Every line below is to be set down again exactly; any image stays out.

━━━ Available records ━━━

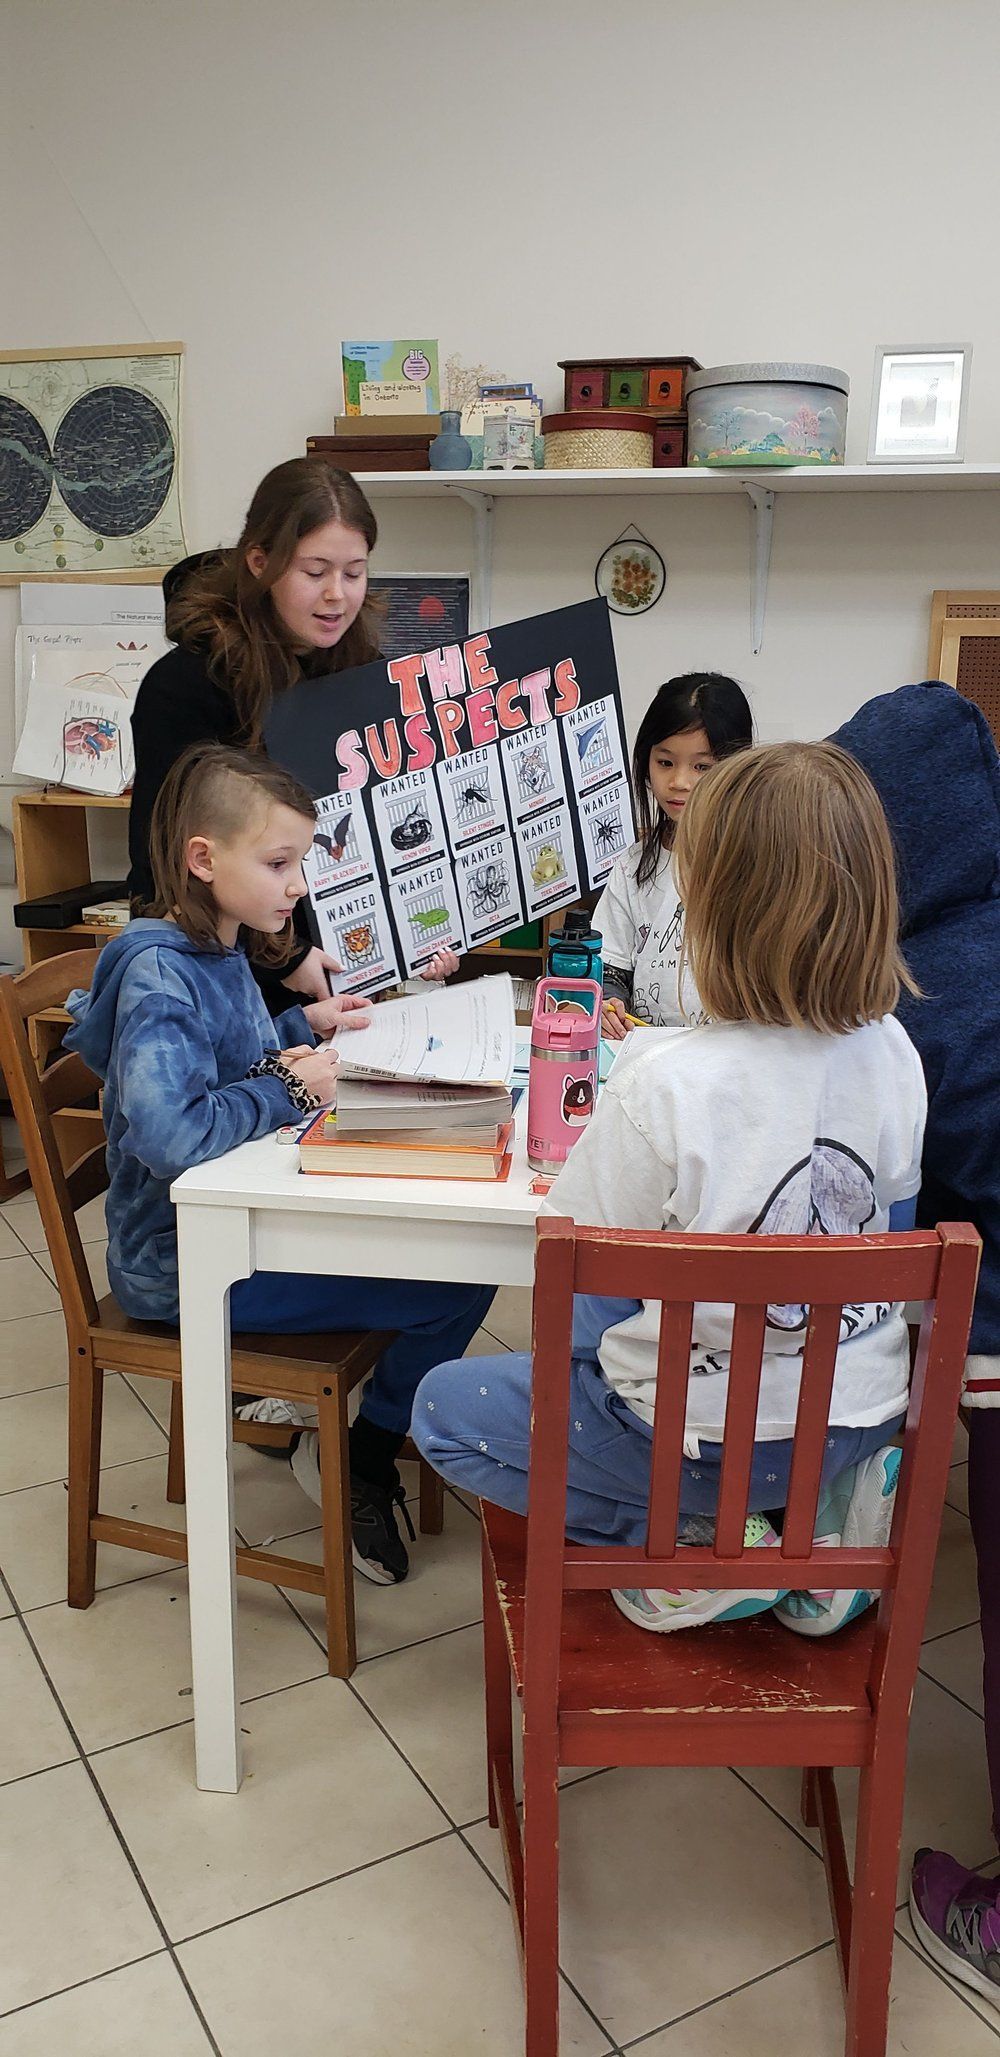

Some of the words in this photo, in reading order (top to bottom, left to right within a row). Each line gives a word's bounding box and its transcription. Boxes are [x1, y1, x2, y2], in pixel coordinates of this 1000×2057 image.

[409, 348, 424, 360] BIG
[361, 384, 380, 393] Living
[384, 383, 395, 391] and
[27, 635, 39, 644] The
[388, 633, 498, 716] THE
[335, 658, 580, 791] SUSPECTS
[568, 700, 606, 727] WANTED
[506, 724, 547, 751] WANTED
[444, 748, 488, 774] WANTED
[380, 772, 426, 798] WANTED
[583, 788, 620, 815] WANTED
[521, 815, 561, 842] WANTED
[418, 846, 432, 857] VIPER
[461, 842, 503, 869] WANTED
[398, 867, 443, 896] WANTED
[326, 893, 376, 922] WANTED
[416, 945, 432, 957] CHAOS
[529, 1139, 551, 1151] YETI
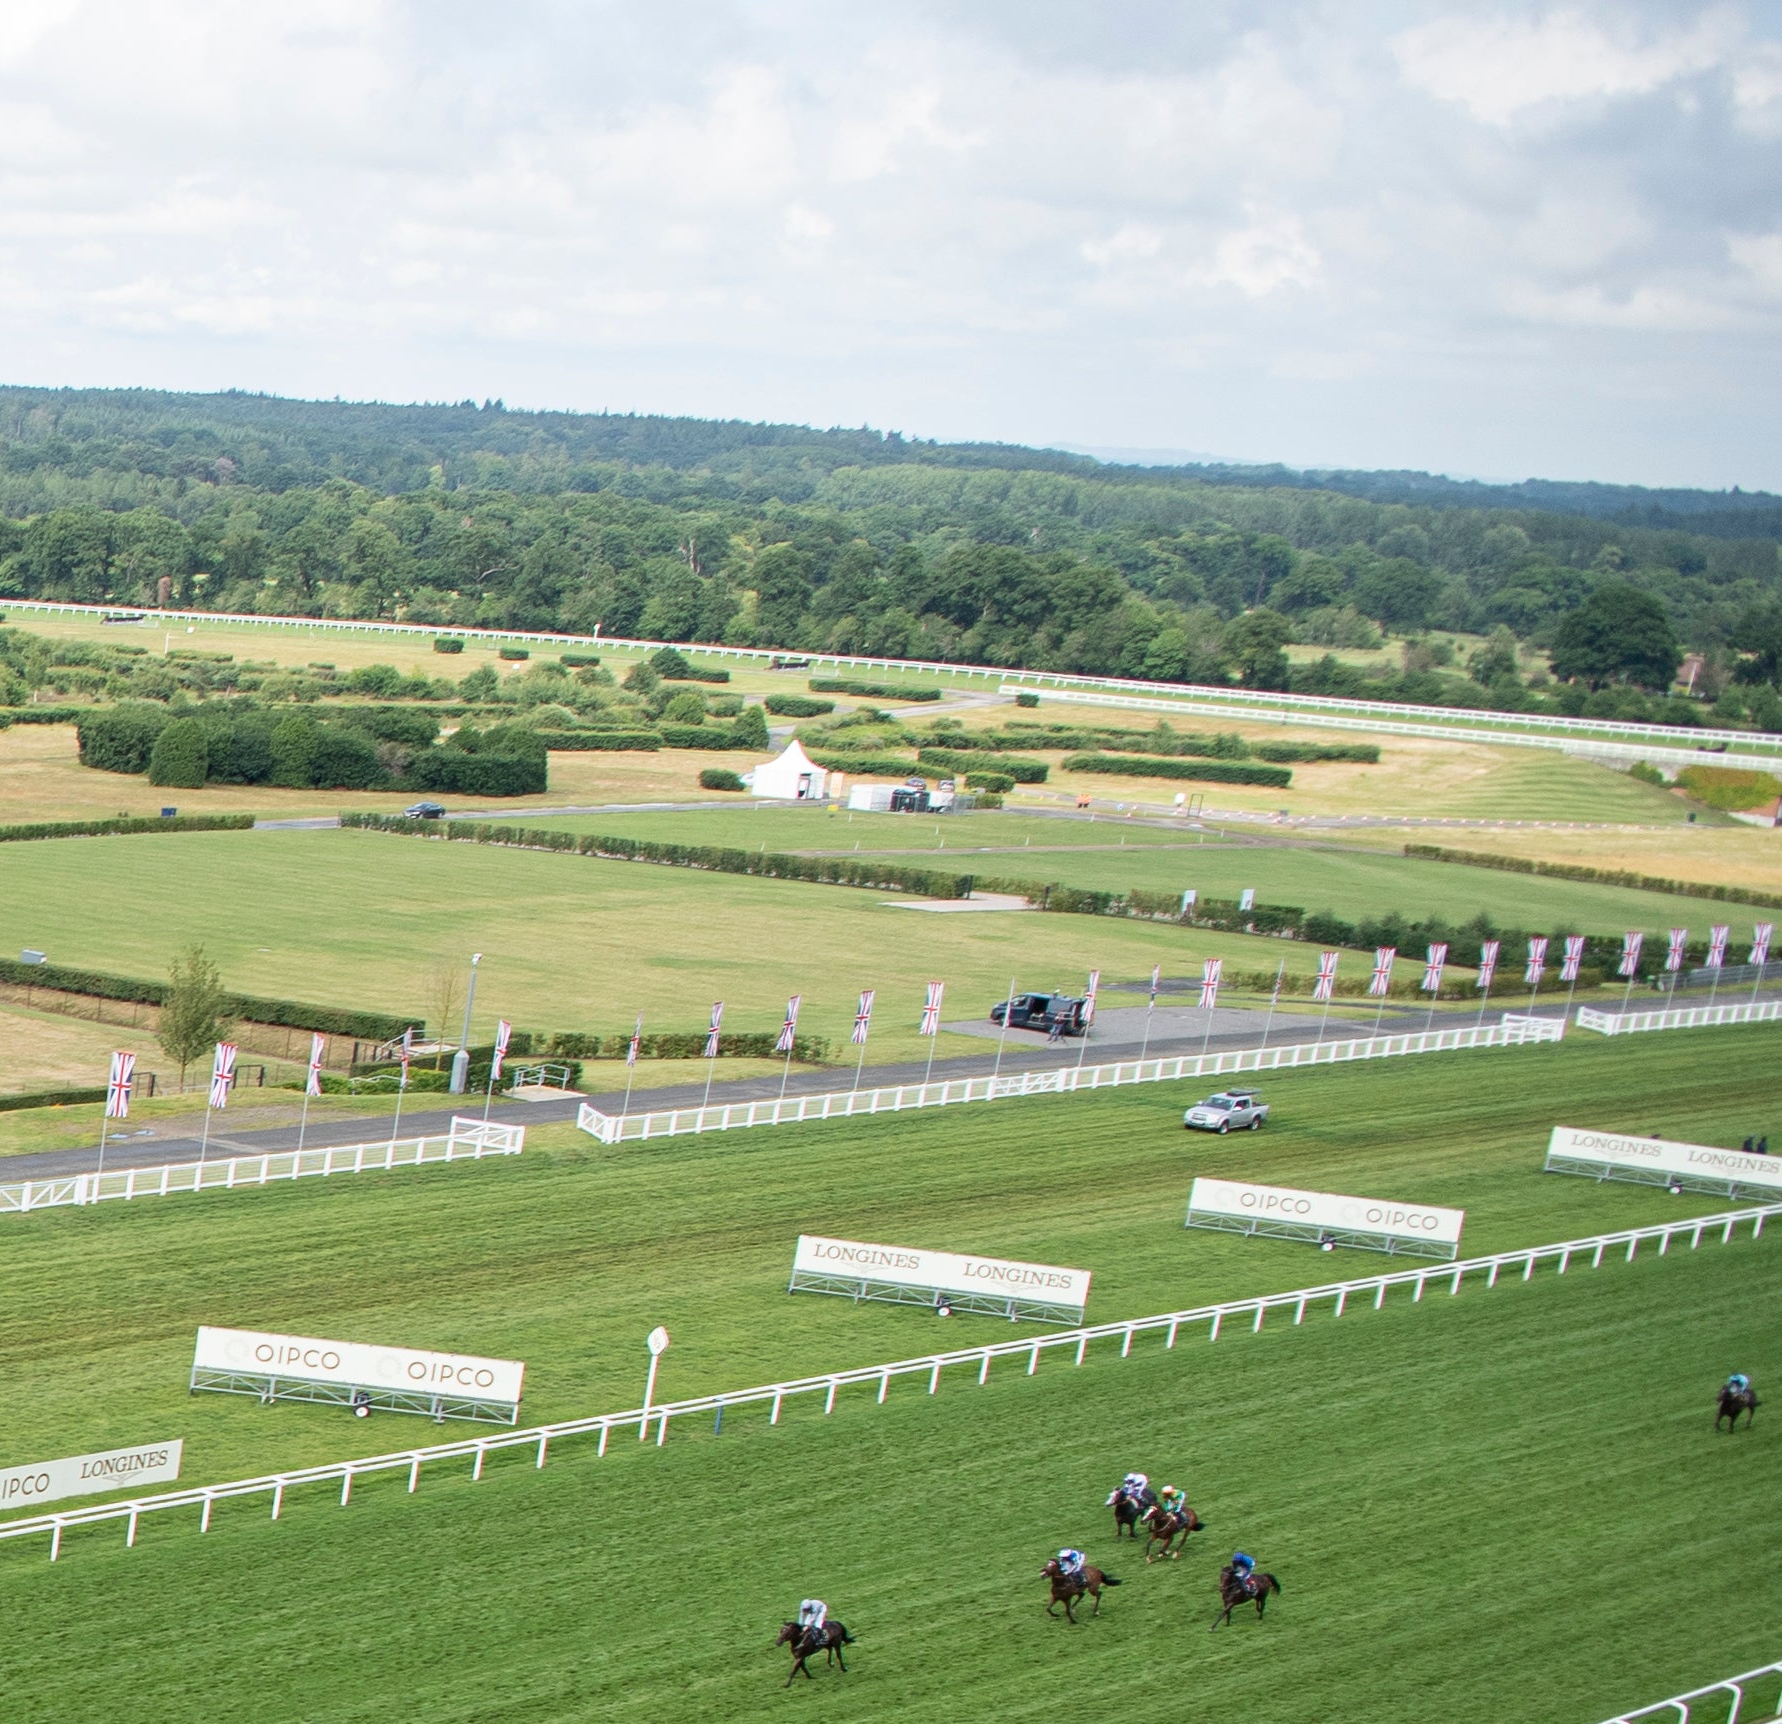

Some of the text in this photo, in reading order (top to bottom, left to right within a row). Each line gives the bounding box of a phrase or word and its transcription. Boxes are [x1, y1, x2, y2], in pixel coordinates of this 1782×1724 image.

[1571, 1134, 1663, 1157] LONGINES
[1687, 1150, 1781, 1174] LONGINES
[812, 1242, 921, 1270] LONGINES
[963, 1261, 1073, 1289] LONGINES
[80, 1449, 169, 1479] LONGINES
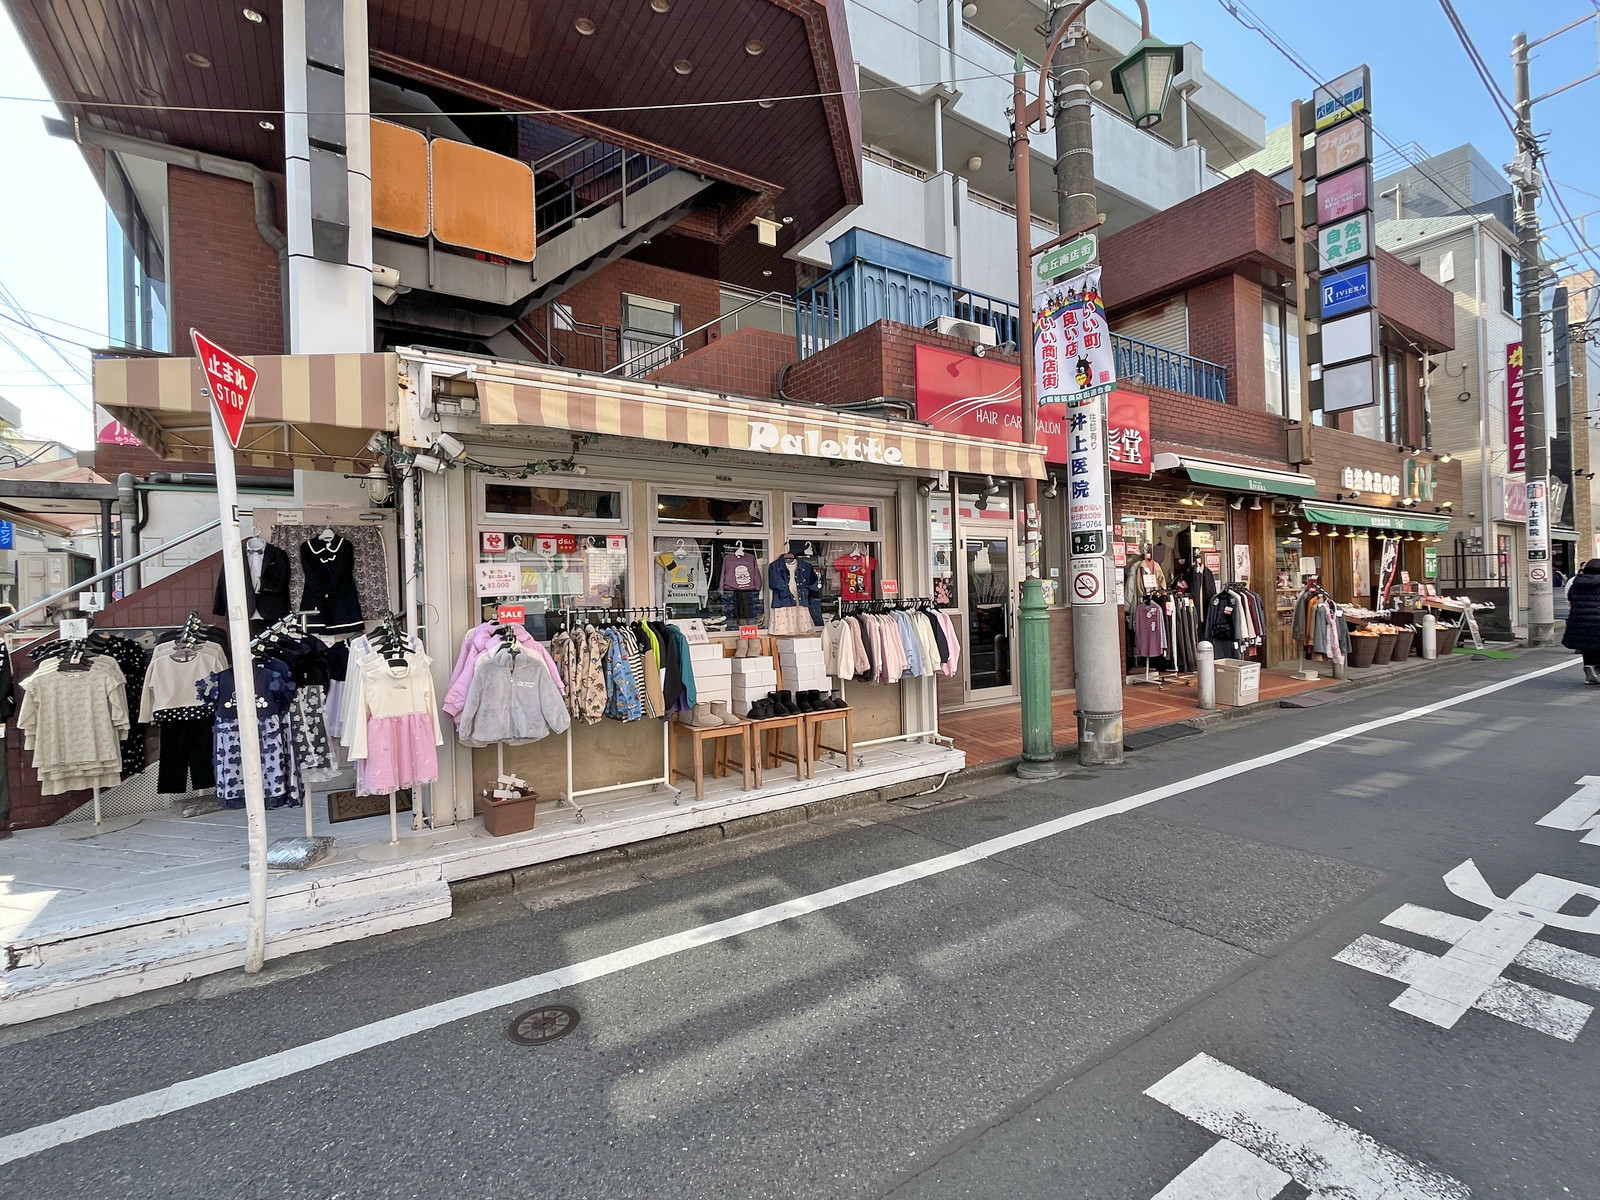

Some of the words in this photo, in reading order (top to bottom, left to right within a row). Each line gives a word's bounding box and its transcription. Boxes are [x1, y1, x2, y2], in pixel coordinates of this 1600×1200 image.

━━━

* Solution to the problem:
Some of the words in this photo, in reading order (top to bottom, left to right within a row). Each line gives a word's bounding box and its transcription. Boxes are [x1, y1, x2, y2], in pixel coordinates of this 1000×2057 image.

[409, 348, 424, 360] BIG
[361, 384, 380, 393] Living
[384, 383, 395, 391] and
[27, 635, 39, 644] The
[388, 633, 498, 716] THE
[335, 658, 580, 791] SUSPECTS
[568, 700, 606, 727] WANTED
[506, 724, 547, 751] WANTED
[444, 748, 488, 774] WANTED
[380, 772, 426, 798] WANTED
[583, 788, 620, 815] WANTED
[521, 815, 561, 842] WANTED
[418, 846, 432, 857] VIPER
[461, 842, 503, 869] WANTED
[398, 867, 443, 896] WANTED
[326, 893, 376, 922] WANTED
[416, 945, 432, 957] CHAOS
[529, 1139, 551, 1151] YETI

Some of the text in this photo, in reading order (top to bottom, left to right within a row). Each line gives the bounding box of a phrase or word and its transcription. Boxes are [x1, y1, x2, y2], in pixel coordinates of this 1782×1724 image.

[1571, 1134, 1663, 1157] LONGINES
[1687, 1150, 1781, 1174] LONGINES
[812, 1242, 921, 1270] LONGINES
[963, 1261, 1073, 1289] LONGINES
[80, 1449, 169, 1479] LONGINES

Some of the words in this photo, in reading order (top to bottom, left to right within a row). Each line gives a word's bounding box and its transcription. Boxes are [x1, y1, x2, y2], in pixel coordinates of this 1600×1200 image.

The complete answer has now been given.